To get the n-th space-separated column from a text file in Python 3:

packages = set() # a set of unique package names
with open('/var/log/dpkg.log') as file:
    for line in file:
        column = line.split() # split on any whitespace
        if "install" in column[2]:  # 3rd column
            packages.add(column[3]) # 4th column


You don't need to parse dpkg.log, you could get the info directly e.g., to get a list of previously recommended packages and to install them:

#!/usr/bin/env python
import subprocess

def recommended_packages():
    # see http://serverfault.com/a/382231
    return iterlines(["aptitude", "search", '~RBrecommends:~i', '-F', '%p'])
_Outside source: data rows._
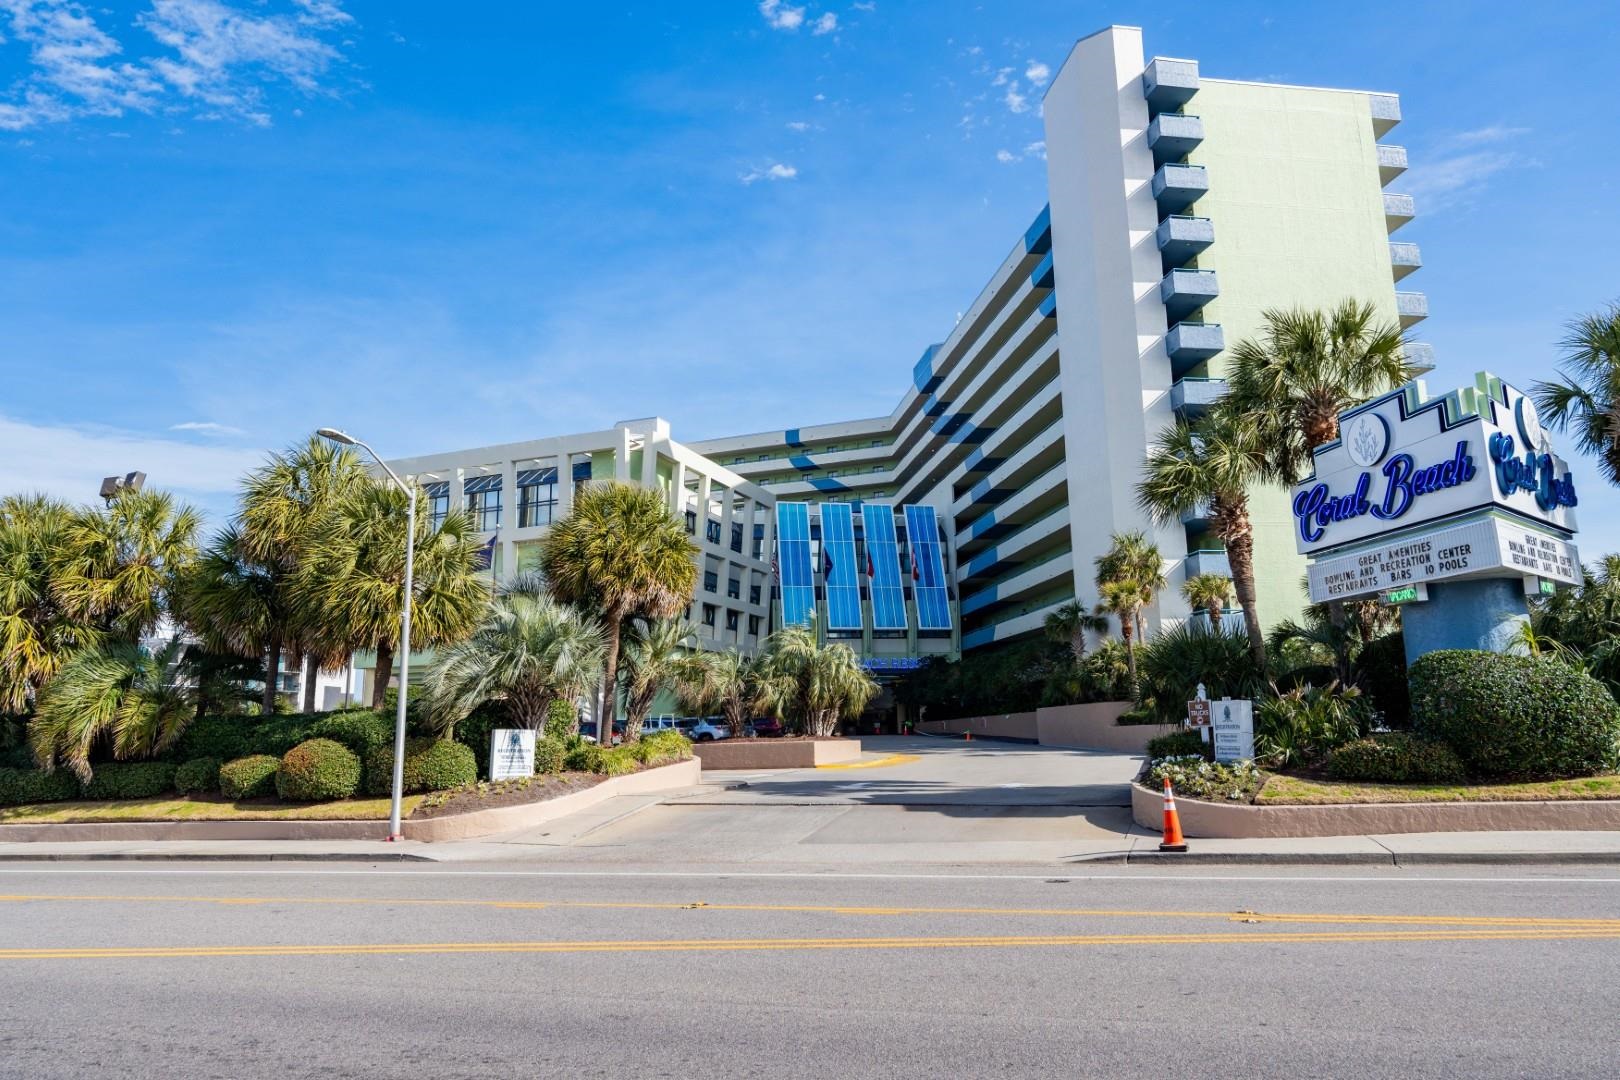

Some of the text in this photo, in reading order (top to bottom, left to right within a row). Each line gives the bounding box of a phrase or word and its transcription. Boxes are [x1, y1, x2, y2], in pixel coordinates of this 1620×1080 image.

[1293, 440, 1476, 543] Coral Beach
[1325, 544, 1471, 585] BOWLING AND RECREATION CENTER
[1358, 541, 1431, 566] GREAT AMENITIES
[1328, 577, 1378, 594] RESTAURANTS
[1391, 569, 1412, 582] BARS
[1439, 557, 1468, 571] POOLS
for package in recommended_packages():
    subprocess.check_call(b"sudo apt-get install".split() + [package])

where iterlines() yields subprocess' stdout line by line:

def iterlines(cmd):
    p = subprocess.Popen(cmd, stdout=subprocess.PIPE, bufsize=1)
    with p.stdout:
        for line in iter(p.stdout.readline, b''):
            yield line.rstrip(b'\n') # yield package name
    if p.wait() != 0:
        raise subprocess.CalledProcessError(p.returncode, cmd)

Or to install "recommends" for all manually installed packages:

def manually_installed_packages():
    # see http://superuser.com/a/6932
    return iterlines(["aptitude", "search", '~i !~M', "-F", "%p"])
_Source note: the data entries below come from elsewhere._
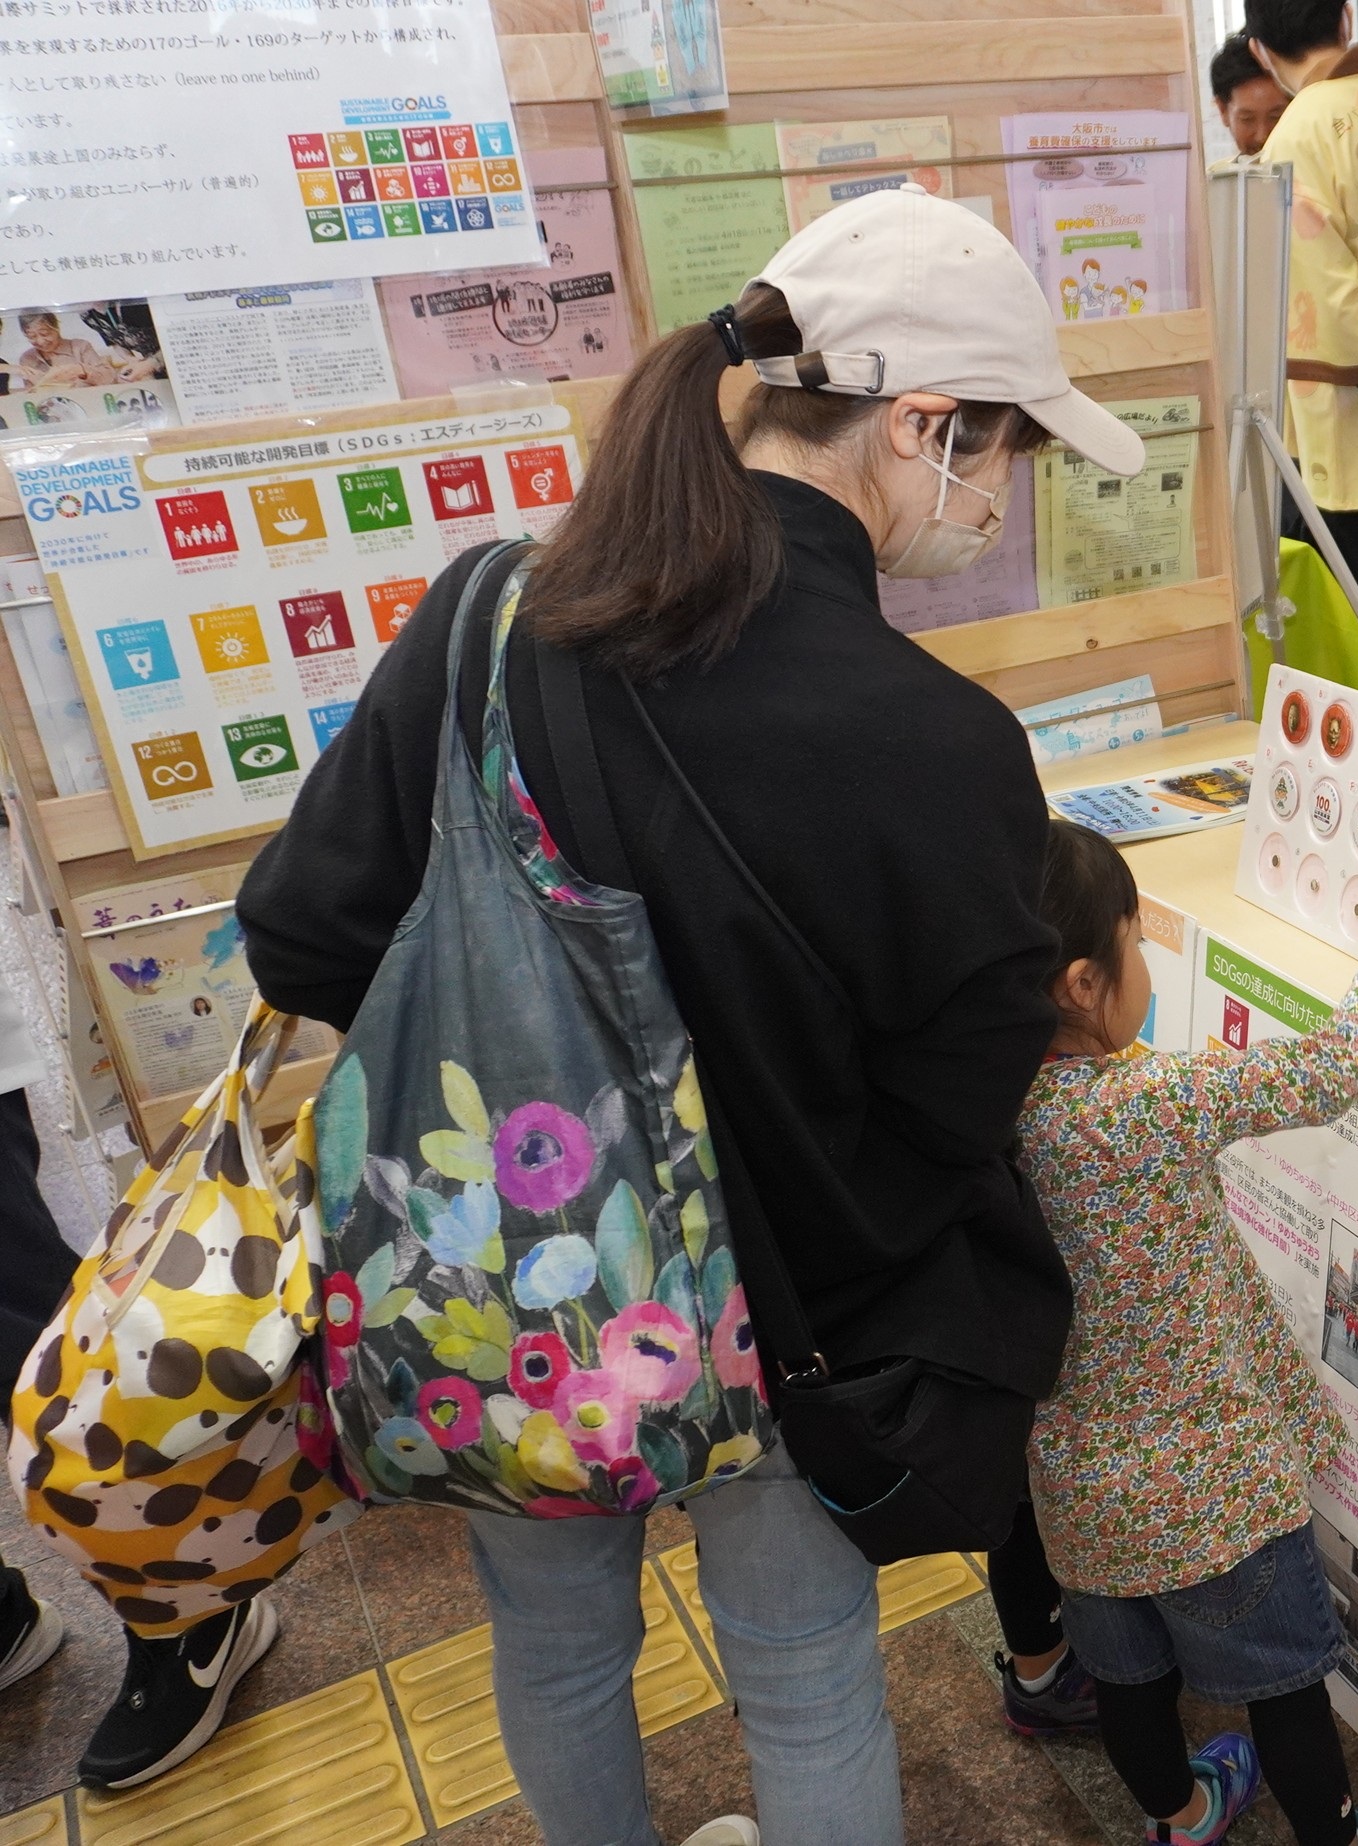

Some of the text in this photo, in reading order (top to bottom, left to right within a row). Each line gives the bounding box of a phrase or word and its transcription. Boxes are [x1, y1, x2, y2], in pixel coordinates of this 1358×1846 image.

[242, 73, 266, 83] one
[391, 96, 447, 111] GOALS
[511, 454, 520, 468] 5
[430, 465, 438, 480] 4
[20, 472, 133, 497] DEVELOPMENT
[344, 476, 353, 491] 3
[255, 489, 265, 504] 2
[27, 486, 141, 523] GOALS
[164, 502, 173, 517] 1
[371, 589, 380, 603] 9
[285, 602, 295, 617] 8
[197, 617, 206, 632] 7
[103, 633, 114, 648] 6
[313, 711, 327, 725] 14
[227, 727, 242, 743] 13
[138, 745, 153, 761] 12
for package in manually_installed_packages():
    subprocess.check_call(b"sudo apt-get install --install-recommends".split()
                          + [package])

You could probably avoid spawning subprocesses and import apt_pkg instead, to get the necessary info and manage the corresponding packages.

Posted on by jfs

Why not doing it directly via bash?

Using cut

# something like that
$ cat /var/log/dpkg.log | grep 'install' | cut -f4 -d" "

The field parameter -f<number> can be different, I have status inbetween, for me it's -f5. The -d parameter says that it's separated by spaces not tabs.

Exclude unwanted output via grep -v

And if you want to exclude something like <none> in the output, you can extend the command with inverted grep (grep -v) like this:

# something like that
$ cat /var/log/dpkg.log | grep 'install' | cut -f4 -d" " | grep -v '<none>'

It's easy to pipe more grep -v commands after the whole command to get more excluded (which could also be done with one regular expression, but this way is more easy to understand).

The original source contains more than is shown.